O treinador Carlo Ancelotti convocou a seleção brasileira, em meio a dúvidas sobre a evolução dos laterais, especialmente pela esquerda. A escolha recai sobre veteranos, nomes em ascensão e alguns improvisados, sem um claro titular de impacto no momento.

Entre os nomes considerados, aparece a constatação de que o ciclo atual não revelou um lateral-esquerdo de referência nos grandes clubes europeus. A lista mescla atletas com passagem consolidada no Brasil e no exterior, bem como opções menos testadas no alto nível.

Na esquerda, Alex Sandro é visto como a opção mais confiável, mesmo aos 35 anos e com atuação recente instável no Flamengo. A renovação permanece lenta, e o conjunto de opções não apresenta um titular firme.

Na segunda linha, Douglas Santos, do Zenit, desponta como provável titular, após boa passagem pelo Atlético-MG. O brasileiro tem 32 anos e voltou a aparecer no radar da amarelinha.

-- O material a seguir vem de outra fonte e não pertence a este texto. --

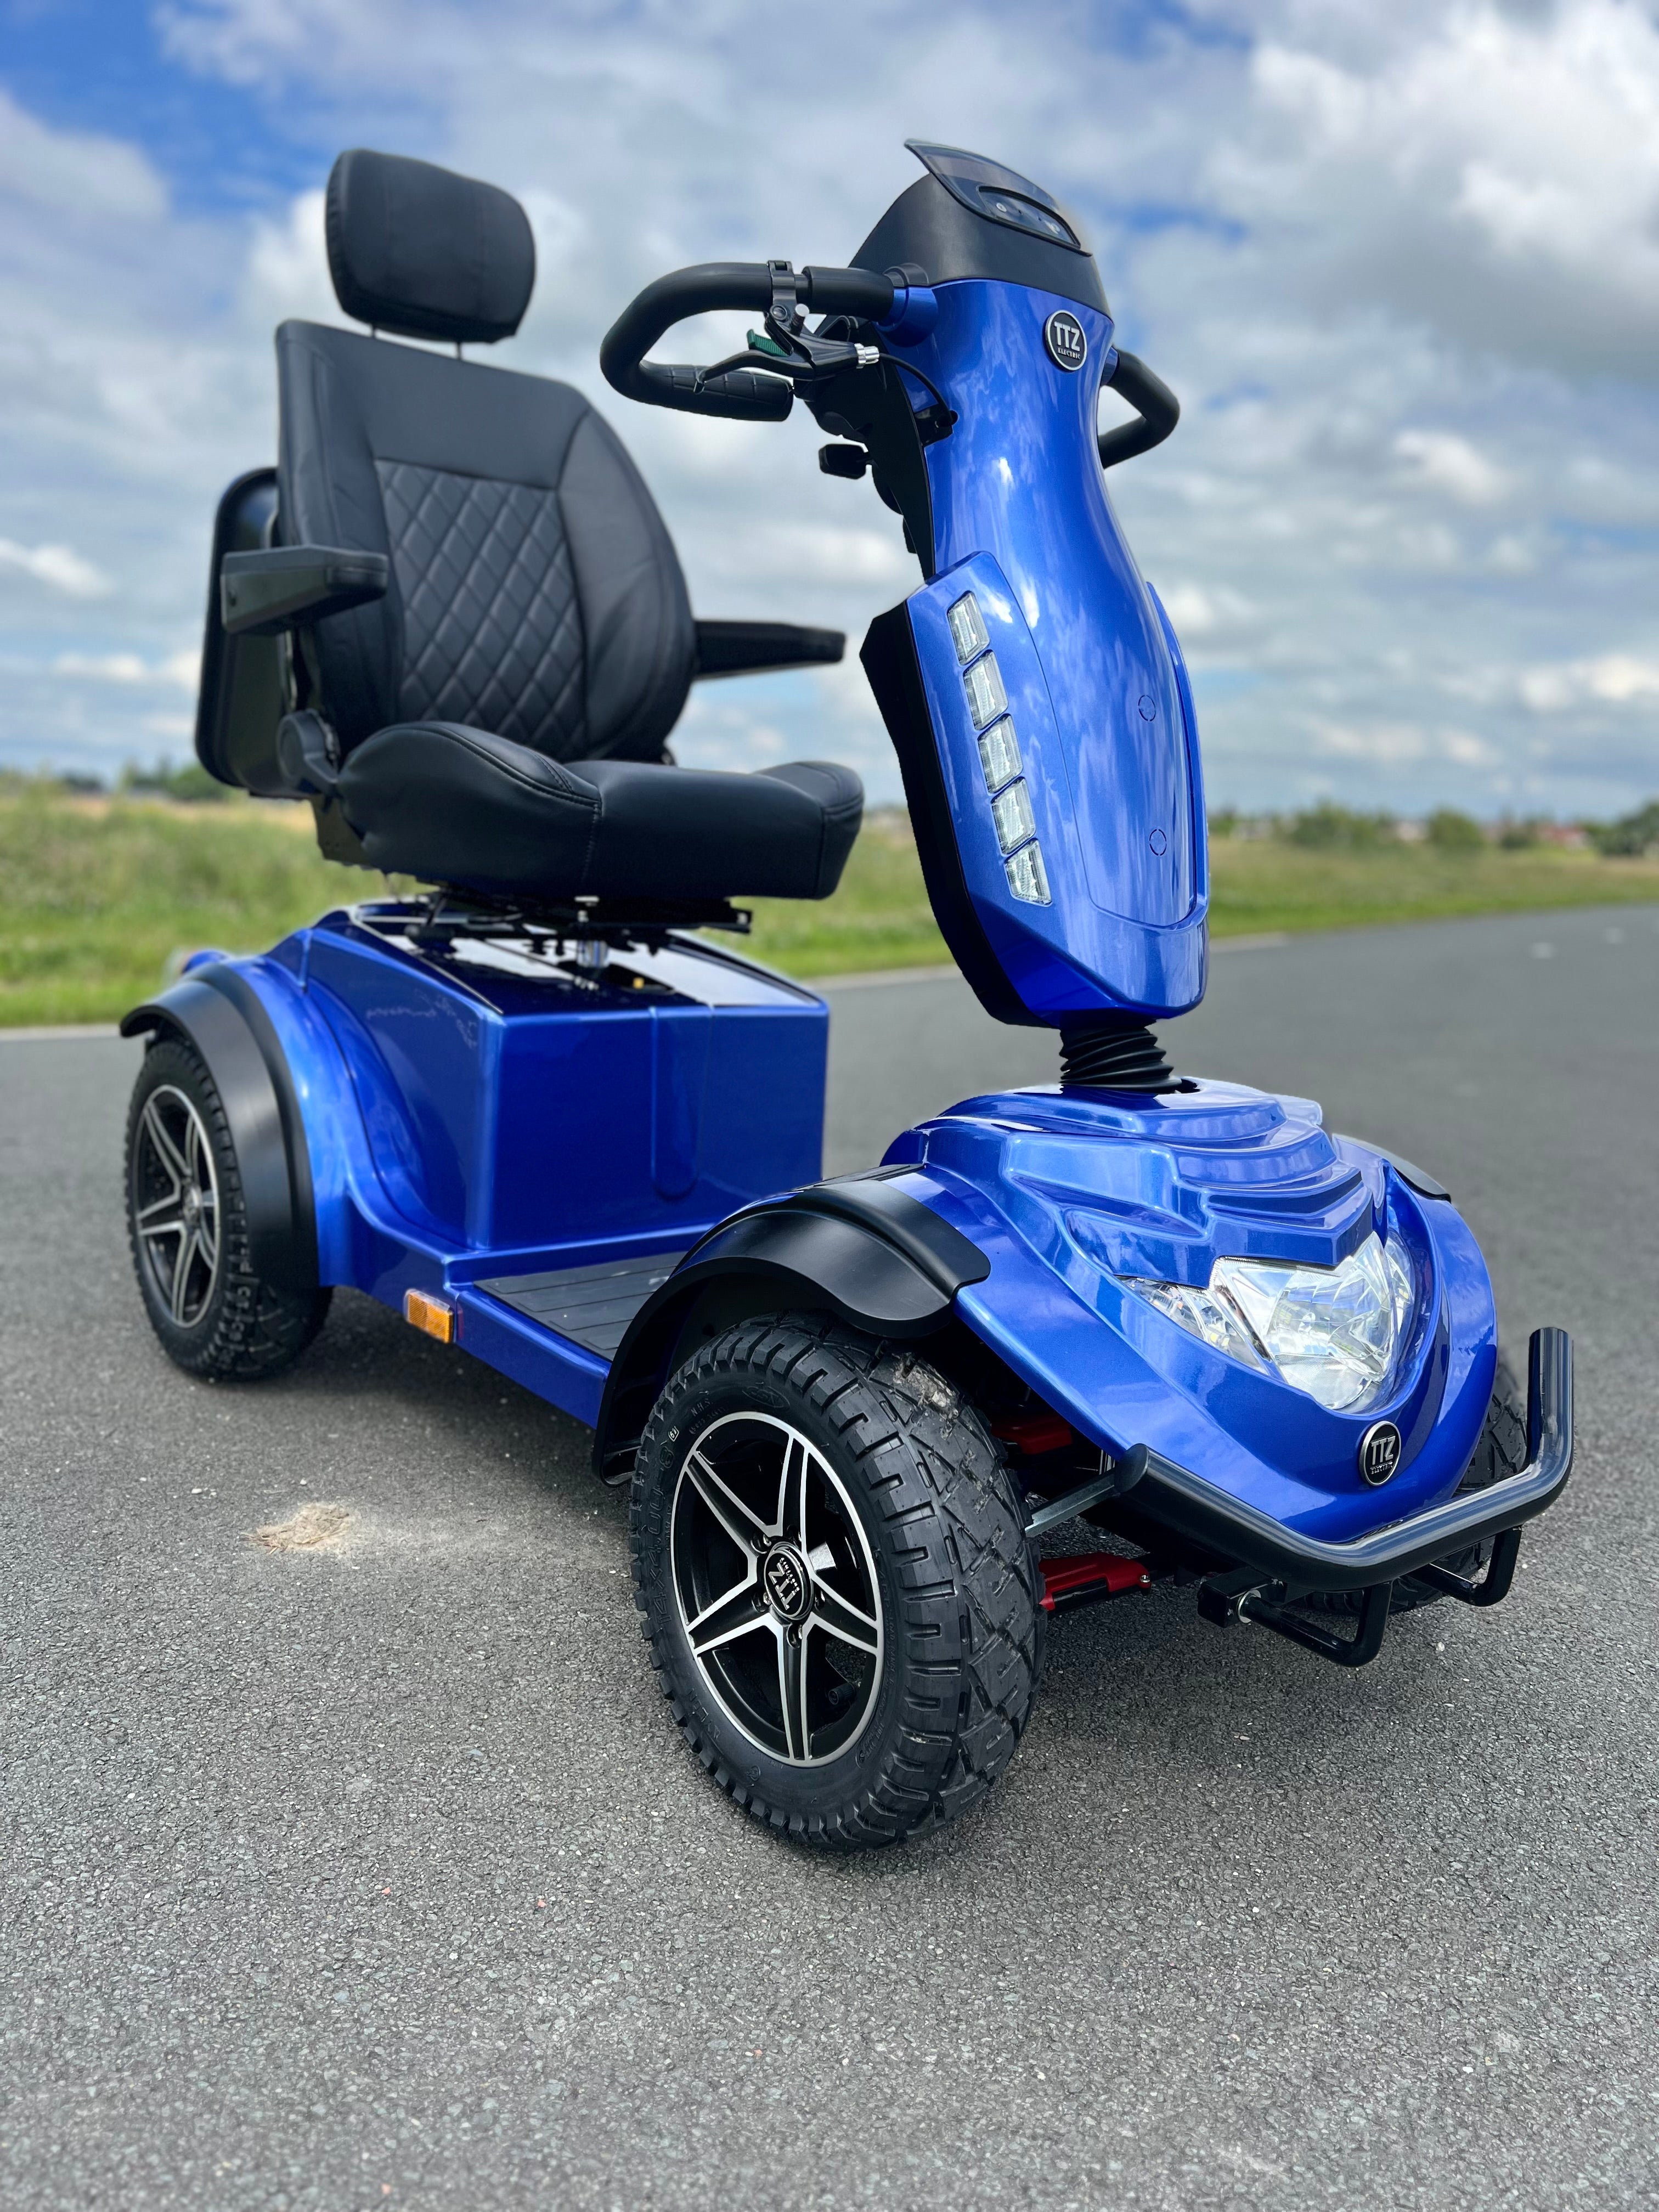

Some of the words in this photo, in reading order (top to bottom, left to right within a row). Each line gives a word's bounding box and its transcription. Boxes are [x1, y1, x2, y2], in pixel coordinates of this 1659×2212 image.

[1054, 321, 1080, 352] TTZ
[1058, 347, 1081, 360] ELECTRIC
[1370, 1435, 1396, 1466] TTZ
[768, 1562, 797, 1611] TTZ

Outras opções chamaram a atenção de Ancelotti, como Caio Henrique, Carlos Augusto, Luciano Juba e Kaiki Bruno. Todos foram convocados na Era de Ancelotti, mas não mantêm desempenho destacado no momento.

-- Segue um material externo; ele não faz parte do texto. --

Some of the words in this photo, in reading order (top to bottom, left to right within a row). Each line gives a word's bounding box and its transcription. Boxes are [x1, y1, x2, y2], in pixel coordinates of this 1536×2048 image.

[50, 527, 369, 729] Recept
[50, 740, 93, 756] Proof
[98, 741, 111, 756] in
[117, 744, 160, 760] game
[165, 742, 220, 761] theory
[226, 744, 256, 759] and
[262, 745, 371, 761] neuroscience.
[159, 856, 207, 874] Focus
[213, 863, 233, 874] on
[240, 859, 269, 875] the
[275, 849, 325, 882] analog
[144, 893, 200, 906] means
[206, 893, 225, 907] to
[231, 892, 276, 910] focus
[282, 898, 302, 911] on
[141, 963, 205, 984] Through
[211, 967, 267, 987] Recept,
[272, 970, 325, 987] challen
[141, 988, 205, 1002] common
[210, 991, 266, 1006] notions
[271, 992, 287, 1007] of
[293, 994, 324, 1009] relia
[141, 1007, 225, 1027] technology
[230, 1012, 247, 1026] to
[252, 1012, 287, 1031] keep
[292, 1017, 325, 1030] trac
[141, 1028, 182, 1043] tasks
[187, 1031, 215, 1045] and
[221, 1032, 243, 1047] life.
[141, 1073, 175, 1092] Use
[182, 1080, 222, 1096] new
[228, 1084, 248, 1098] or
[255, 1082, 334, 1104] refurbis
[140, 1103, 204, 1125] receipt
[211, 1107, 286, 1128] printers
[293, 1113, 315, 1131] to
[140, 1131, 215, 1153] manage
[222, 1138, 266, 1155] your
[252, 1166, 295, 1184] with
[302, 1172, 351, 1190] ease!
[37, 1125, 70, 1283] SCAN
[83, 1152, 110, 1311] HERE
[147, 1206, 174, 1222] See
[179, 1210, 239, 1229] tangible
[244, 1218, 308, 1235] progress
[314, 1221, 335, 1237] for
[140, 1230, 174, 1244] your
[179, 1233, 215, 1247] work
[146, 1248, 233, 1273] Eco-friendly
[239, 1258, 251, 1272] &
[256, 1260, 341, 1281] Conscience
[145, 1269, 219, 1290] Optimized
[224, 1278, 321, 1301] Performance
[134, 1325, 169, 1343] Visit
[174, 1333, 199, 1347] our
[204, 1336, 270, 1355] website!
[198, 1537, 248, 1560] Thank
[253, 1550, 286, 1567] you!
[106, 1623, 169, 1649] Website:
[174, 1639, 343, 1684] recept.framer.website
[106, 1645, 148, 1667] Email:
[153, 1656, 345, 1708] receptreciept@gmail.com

A necessidade de improviso fica evidente pela apresentação de zagueiros ou jogadores de outros setores atuando pela esquerda. Em alguns cenários, seleções de ponta já recorreram a soluções parecidas em Copas anteriores.

Entre os exemplos recentes, a França em 2018 utilizou Pavard pela direita, e a Alemanha contou com Höwedes na lateral esquerda. Em termos de tendência, a prática de adaptar centrais para a posição já foi observada em seleções campeãs.

Na relação de convocados para a esquerda, aparecem nomes como Wesley, Vitinho, Vanderson, Paulo Henrique, Éder Militão, Danilo e Ibañez. Alguns já somam convocações sob o comando de Ancelotti, outros serão apostas para o torneio.

A análise regional mostra diferentes cenários: jogadores do exterior costumam ter maior visibilidade, enquanto opções nacionais ainda buscam consolidar espaço. A ausência de um titular fixo aumenta a necessidade de testes ao longo das próximas chamadas.

A expectativa é de que Ancelotti equilibre segurança defensiva e poder ofensivo, evitando escolhas puramente improvisadas. O foco permanece na construção de um conjunto capaz de suprir a função com consistência durante a competição.